Estimate. Excludes taxes, insurance and fees.

What This Auto Loan Calculator Does

This auto loan calculator estimates your monthly car payment, the total interest you'll pay over the life of the loan, and your full payoff amount. Enter the vehicle price, your down payment and trade-in value, the annual interest rate (APR), and the loan term in months.

It's built for anyone shopping for a car, comparing dealer financing against a credit union offer, or deciding whether a 48-, 60-, or 72-month term fits their budget. By rolling in sales tax and fees, the car payment calculator shows the real amount you'll finance, not just the sticker price.

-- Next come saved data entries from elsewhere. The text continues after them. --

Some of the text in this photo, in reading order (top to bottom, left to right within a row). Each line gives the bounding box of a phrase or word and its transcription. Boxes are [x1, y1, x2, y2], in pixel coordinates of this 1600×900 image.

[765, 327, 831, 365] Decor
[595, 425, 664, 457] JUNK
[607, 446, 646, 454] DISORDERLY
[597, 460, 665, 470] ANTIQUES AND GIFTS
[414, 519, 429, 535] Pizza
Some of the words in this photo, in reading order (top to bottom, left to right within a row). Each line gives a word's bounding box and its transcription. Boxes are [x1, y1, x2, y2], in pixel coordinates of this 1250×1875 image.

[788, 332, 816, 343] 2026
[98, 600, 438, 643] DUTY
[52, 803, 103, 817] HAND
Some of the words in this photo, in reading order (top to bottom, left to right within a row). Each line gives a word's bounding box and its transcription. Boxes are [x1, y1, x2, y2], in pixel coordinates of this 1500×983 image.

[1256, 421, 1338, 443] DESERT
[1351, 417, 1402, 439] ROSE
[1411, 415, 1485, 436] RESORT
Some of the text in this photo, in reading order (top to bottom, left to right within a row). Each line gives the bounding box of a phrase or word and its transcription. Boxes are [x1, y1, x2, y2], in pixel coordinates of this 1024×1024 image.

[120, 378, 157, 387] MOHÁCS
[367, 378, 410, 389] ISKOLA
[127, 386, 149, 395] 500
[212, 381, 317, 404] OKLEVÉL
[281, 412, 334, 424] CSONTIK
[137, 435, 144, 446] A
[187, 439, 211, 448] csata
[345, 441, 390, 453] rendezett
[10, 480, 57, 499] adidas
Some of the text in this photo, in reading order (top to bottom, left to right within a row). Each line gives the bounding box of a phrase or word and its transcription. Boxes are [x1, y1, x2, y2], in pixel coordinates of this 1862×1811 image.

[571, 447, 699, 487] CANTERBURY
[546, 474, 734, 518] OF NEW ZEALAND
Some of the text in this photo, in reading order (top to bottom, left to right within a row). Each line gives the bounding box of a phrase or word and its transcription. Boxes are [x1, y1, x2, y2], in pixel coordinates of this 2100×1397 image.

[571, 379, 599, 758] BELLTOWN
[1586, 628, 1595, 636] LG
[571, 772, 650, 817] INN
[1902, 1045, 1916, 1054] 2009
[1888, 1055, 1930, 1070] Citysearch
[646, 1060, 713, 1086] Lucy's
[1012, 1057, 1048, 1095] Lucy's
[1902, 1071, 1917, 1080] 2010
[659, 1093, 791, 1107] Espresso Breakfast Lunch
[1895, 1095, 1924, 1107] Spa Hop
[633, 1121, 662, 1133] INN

How the Calculation Works (The Formula)

Auto loans use standard amortization, the same math behind most fixed-rate loans. The monthly payment is calculated with this formula:

M = P x [ r(1 + r)^n ] / [ (1 + r)^n - 1 ]

Here, M is the monthly payment, P is the loan principal (the amount you actually borrow), r is the monthly interest rate (annual APR divided by 12), and n is the total number of payments (months in the term). The principal P equals the vehicle price plus sales tax and fees, minus your down payment and trade-in value.

A Worked Example With Real Numbers

Suppose you buy a car priced at $30,000 with a 6% sales tax ($1,800) and $400 in fees. You put $3,000 down and trade in a vehicle worth $2,200. Your financed principal is $30,000 + $1,800 + $400 - $3,000 - $2,200 = $27,000.

With a 7% APR over 60 months: r = 0.07 / 12 = 0.0058333, and n = 60. Plugging into the formula gives a monthly payment of about $534.59. Over 60 months you pay roughly $32,075 total, meaning about $5,075 in interest on the $27,000 you borrowed.

How Term Length and Down Payment Change the Result

Two inputs move the numbers the most: the loan term and your upfront cash.

A longer term lowers the monthly payment but raises total interest, because you're paying interest for more months. A larger down payment or trade-in shrinks the principal, cutting both the payment and the interest.

  • Same $27,000 at 7% over 72 months: about $460/month, but roughly $6,143 in total interest, over $1,000 more than the 60-month plan.
  • Adding $2,000 more down (financing $25,000) at 7% over 60 months drops the payment to about $495 and saves around $400 in interest.
  • A 1-point lower APR (6% instead of 7%) on $27,000 over 60 months saves roughly $730 in interest over the loan.

Tips and Common Mistakes

Use these guidelines to make the estimate match your real loan offer and avoid costly surprises.

  • Compare total interest, not just the monthly payment. A low payment from a 72- or 84-month term often hides thousands in extra interest.
  • Confirm whether tax and fees are rolled into the loan. Financing them adds to the principal and the interest you pay.
  • Watch for negative equity: if your trade-in is worth less than you still owe on it, that gap gets added to the new loan.
  • Enter the APR, not a promotional 'rate', and check that there's no prepayment penalty if you plan to pay early.
  • Get pre-approved before visiting the dealer so you have a benchmark rate to negotiate against.